Igualmente significativo de la idea original de Aub es que el primer protagonista de El laberinto mágico sea un hombre del pueblo, un obrero y no un intelectual o un artista, como lo serán los personajes más importantes de las demás novelas, en las que, además, ninguno de ellos alcanzará el rol dominante que Rafael López Serrador tiene en Campo cerrado. Y notable es también que el narrador le siga desde su infancia, con intención evidente de ejemplificar en él a los individuos de la clase obrera –nótese que la novelita escrita el año anterior, El cojo, había tenido como protagonista a un campesino andaluz– para ofrecernos así una imagen de lo que pudo ser el conflicto para estas gentes que fueron su «carne de cañón», sus héroes populares y a la vez sus chivos expiatorios, y de la mezcla de entendimiento e inconsciencia con que fueron arrastrados al conflicto por quienes, de uno y otro bando, tomaban las decisiones. Evidente nos parece también que hay aquí un intento de entender sus espontáneas reacciones ante lo ya inevitable.

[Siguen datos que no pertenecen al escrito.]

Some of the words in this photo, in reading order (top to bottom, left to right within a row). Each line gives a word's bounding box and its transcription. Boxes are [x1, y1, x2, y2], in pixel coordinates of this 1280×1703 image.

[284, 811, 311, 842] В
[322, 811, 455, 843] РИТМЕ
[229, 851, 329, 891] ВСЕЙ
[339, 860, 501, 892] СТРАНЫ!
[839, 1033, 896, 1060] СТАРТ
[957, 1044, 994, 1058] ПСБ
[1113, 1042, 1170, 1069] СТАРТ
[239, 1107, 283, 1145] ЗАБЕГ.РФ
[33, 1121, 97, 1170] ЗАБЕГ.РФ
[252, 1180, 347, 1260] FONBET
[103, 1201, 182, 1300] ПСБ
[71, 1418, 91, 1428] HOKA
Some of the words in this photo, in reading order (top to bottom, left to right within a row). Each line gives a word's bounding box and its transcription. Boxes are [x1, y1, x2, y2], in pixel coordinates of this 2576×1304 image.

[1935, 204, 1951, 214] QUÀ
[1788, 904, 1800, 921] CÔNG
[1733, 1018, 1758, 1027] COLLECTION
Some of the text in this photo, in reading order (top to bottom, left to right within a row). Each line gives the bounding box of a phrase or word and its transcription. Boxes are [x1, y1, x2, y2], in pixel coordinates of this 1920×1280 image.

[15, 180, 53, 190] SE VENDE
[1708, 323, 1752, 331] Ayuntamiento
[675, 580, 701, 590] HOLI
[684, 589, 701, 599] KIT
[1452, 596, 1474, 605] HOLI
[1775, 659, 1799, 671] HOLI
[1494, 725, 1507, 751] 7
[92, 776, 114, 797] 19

Entretejida, pues, con la narración laberíntica, el narrador nos ofrece la historia de Rafael López Serrador, al que el lector conoce al mismo tiempo que sigue el relato de los diferentes aspectos de la celebración del toro de fuego, y supeditando, durante el primer capítulo, el conocimiento del personaje a la descripción del rito, de tal manera que queden ya para siempre íntimamente ligados el uno con el otro. De este modo el desarrollo de la vida de Rafael, tanto en las breves referencias a su infancia y escolarización primaria, como en los sucesivos cambios de su vida laboral y en sus traslados de Viver a Castellón, y de Castellón a Barcelona, resulta, a imagen y semejanza del rito, una mezcla de voluntariedad y de ceguera imprevisora, también patente en sus relaciones personales y sentimentales. No es, por otra parte, un personaje que el narrador haya querido presentarnos tomando distancias, viéndolo actuar exclusivamente desde fuera, a la manera de los relatos conductistas.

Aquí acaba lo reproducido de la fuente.